The Case Against Authorized Generics But authorized generics increase competition, so doesn’t that mean lower prices for consumers? But do authorized generics actually lower prices?
The Case Against Authorized Generics: Impact on Prices PhRMA-Sponsored Report Conducted by IMS Consulting; Looked at effect on generic drug prices when authorized generics were released during 180-day exclusivity period, using IMS data for 18 drugs; Findings: Concluded that the wholesale price discounts off brand prices on average were 15.8% greater in markets with AGs than in those without them. BUT The PhRMA Report looked at wholesale prices, not retail prices that consumer actually pay
The Case Against Authorized Generics: Impact on Retail Prices Liang/Hollis Report Replicated the PhRMA Study, but looked at effect on retail generic drug prices when authorized generics were released during 180-day exclusivity period, using IMS data for the same 18 drugs; Findings: Discounts off retail brand prices were on average 0.6% less in markets with AGs than in those without them when weighting by sales revenues; Discounts off retail brand prices were on average 5% more in markets with AGs when not weighting by sales revenues;
The Case Against Authorized Generics: Impact Incentives Authorized generics gut the incentive to invent around and challenge brand patents by capturing critical market share and reducing returns during that period by at least 50%
The Case Against Authorized Generics: Impact Incentives But Aren’t the Number of ANDA’s Filed Increasing? There is an increasing number of “me-too” ANDA’s, Para. III ANDA’s and ANDA’s for products which already have a generic version; Impact of authorized generics on Para IV ANDA’s will be seen in several years – decision to pursue development of a generic drug is made 5-7 years before ANDA is filed.
The Case Against Authorized Generics: Possible Impact of Diminished Incentives Continuance of invalid brand patents Reduced incentive to invent around patents Slower generic entry One month delay in true generic entry = enormous losses to consumer.
The Case Against Authorized Generics: It’s All Brand Tactic BOTTOM LINE: No authorized generic would ever come to market unless a generic was already there – A brand will only release an authorized generic if it has to in order to undercut true generic competition
A Word On Patent Settlements Increasing number of brand-generic patent settlements.
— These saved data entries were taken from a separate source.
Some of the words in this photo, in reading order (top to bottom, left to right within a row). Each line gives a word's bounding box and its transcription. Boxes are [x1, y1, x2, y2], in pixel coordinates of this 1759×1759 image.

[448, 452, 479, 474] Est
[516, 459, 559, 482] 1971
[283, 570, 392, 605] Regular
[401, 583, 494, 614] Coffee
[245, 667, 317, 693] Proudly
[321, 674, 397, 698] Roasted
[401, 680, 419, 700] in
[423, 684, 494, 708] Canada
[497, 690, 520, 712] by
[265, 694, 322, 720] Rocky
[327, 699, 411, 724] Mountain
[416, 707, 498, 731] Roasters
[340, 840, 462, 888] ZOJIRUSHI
Why? Coincides with an increase in authorized generics Negotiating power in settlement discussions has shifted: Generic is faced with the release of an authorized generic even if the generic wins in litigation. Generic is faced with choosing to incur cost and risk of continuing the patent challenge and facing at least 50% fewer returns during the 180-day period, or settle.
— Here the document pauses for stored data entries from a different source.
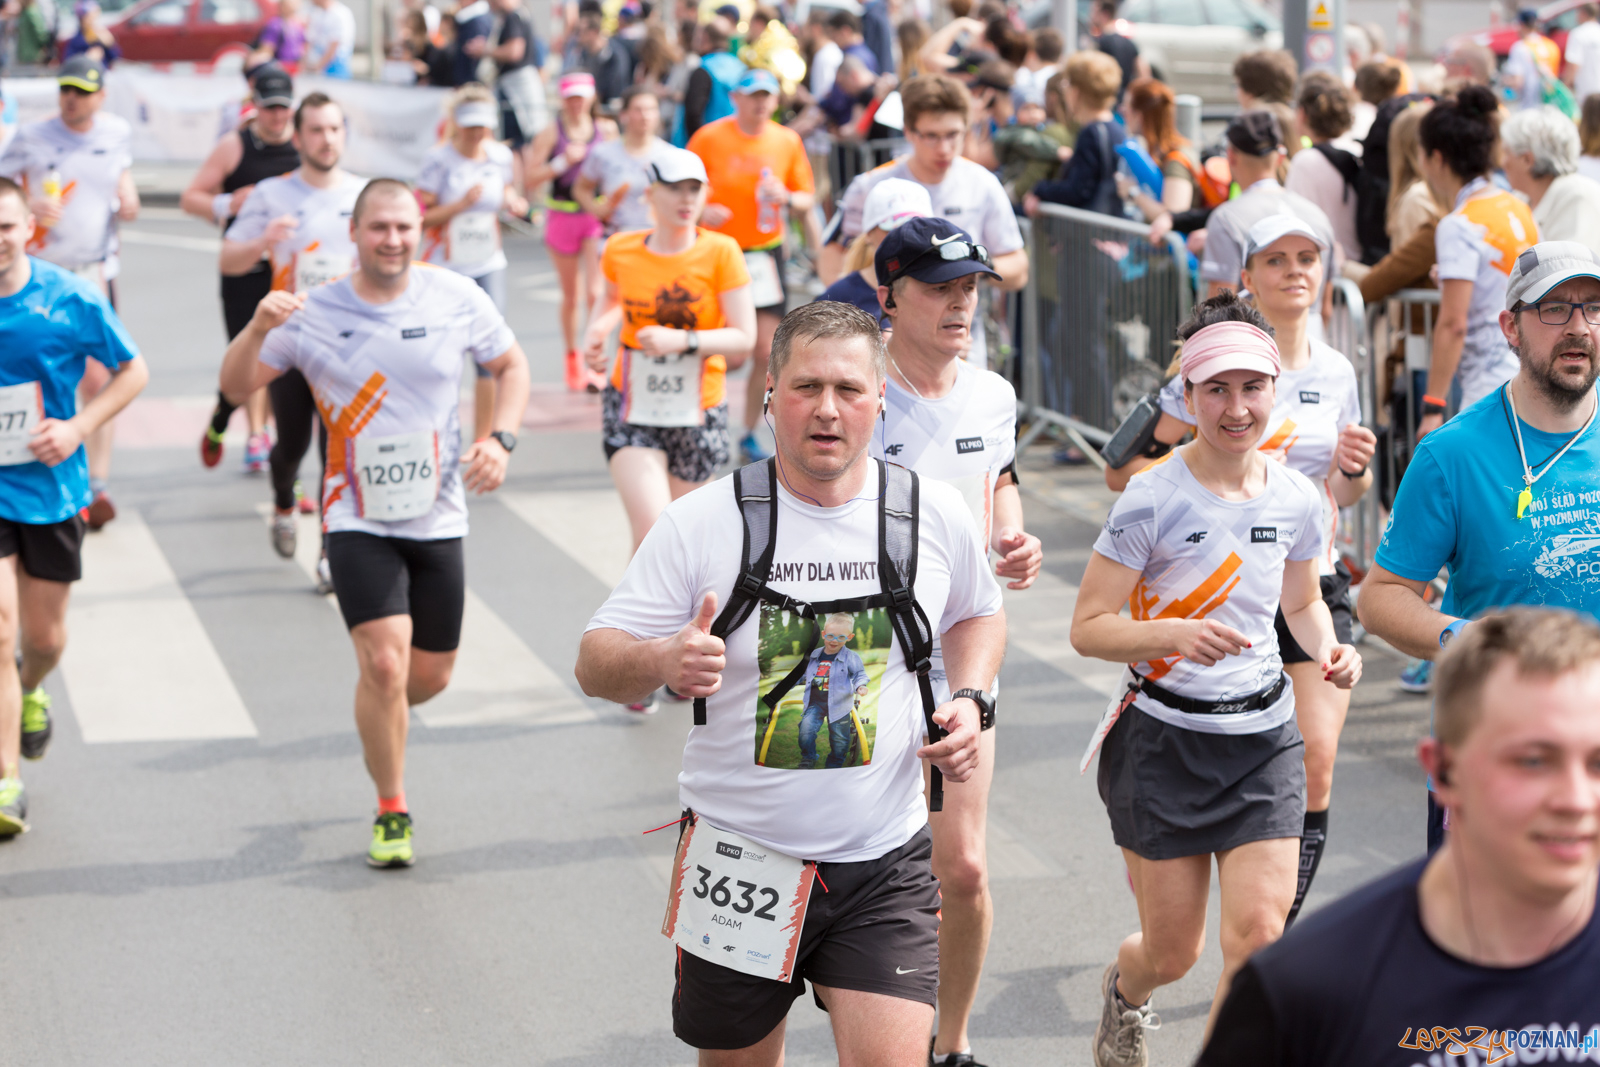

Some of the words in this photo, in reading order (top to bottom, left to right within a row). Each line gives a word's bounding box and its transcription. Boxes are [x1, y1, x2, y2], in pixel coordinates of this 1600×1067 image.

[646, 374, 684, 394] 863
[0, 410, 27, 431] 77
[885, 444, 904, 456] 4F
[363, 459, 432, 486] 12076
[1531, 516, 1540, 529] W
[1543, 508, 1590, 527] POZNANIU
[1186, 531, 1207, 543] 4F
[1566, 543, 1586, 553] MALTA
[766, 562, 804, 582] GAMY
[807, 562, 835, 582] DLA
[1577, 562, 1600, 577] PO
[692, 863, 780, 922] 3632
[711, 913, 742, 930] ADAM
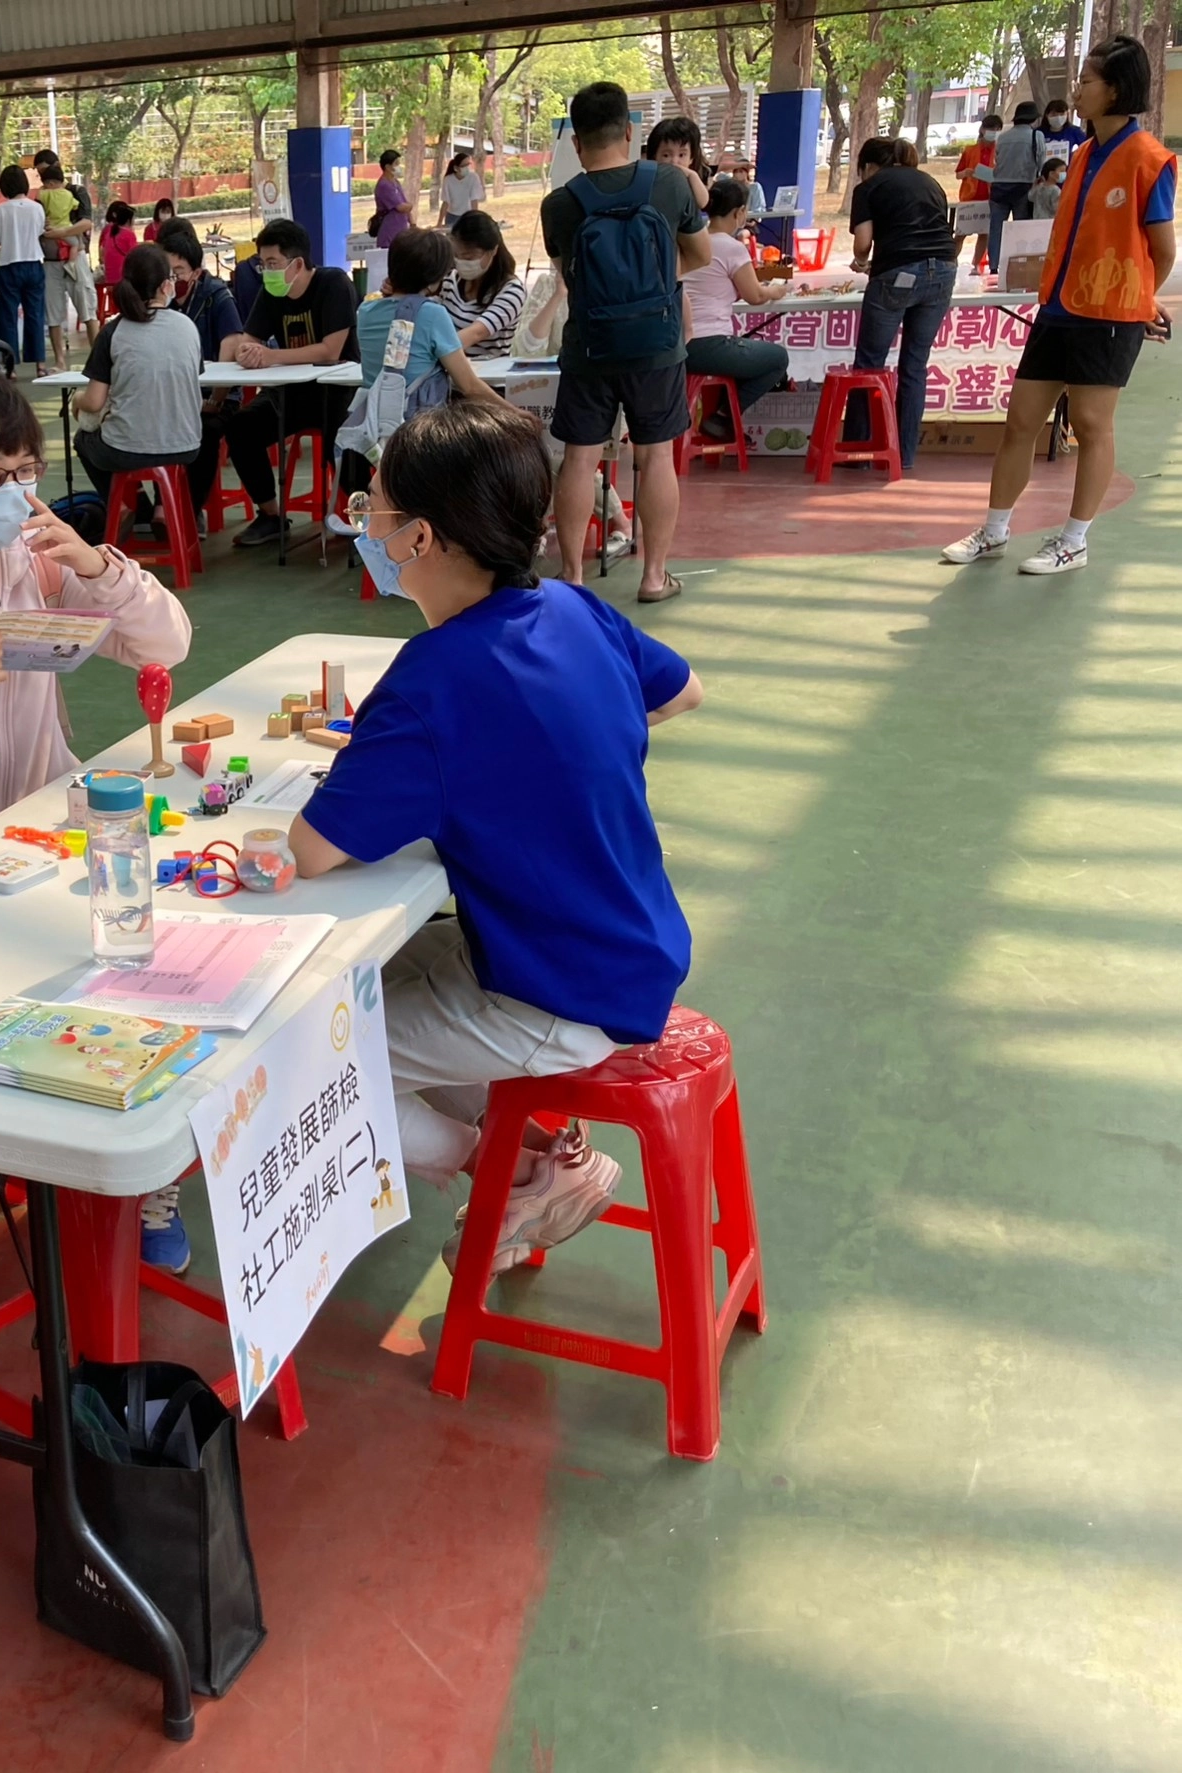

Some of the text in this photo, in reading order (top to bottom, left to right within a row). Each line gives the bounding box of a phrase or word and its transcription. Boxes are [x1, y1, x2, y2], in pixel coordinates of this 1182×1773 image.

[239, 1061, 360, 1232] 兒童發展篩檢
[240, 1121, 376, 1313] 社工施測桌(二)
The Ideas for Reform (1) Elimination of Authorized Generics – Rockefeller, Leahy, Schumer bill; (2) Creation of an Effective Declaratory Judgment Provision – Remove potential for patent settlements to bottleneck market entry by allowing subsequent filers to trigger exclusivity period; (3) Possible Limitation on Reverse Payments in Patent Settlements – Kohl bill?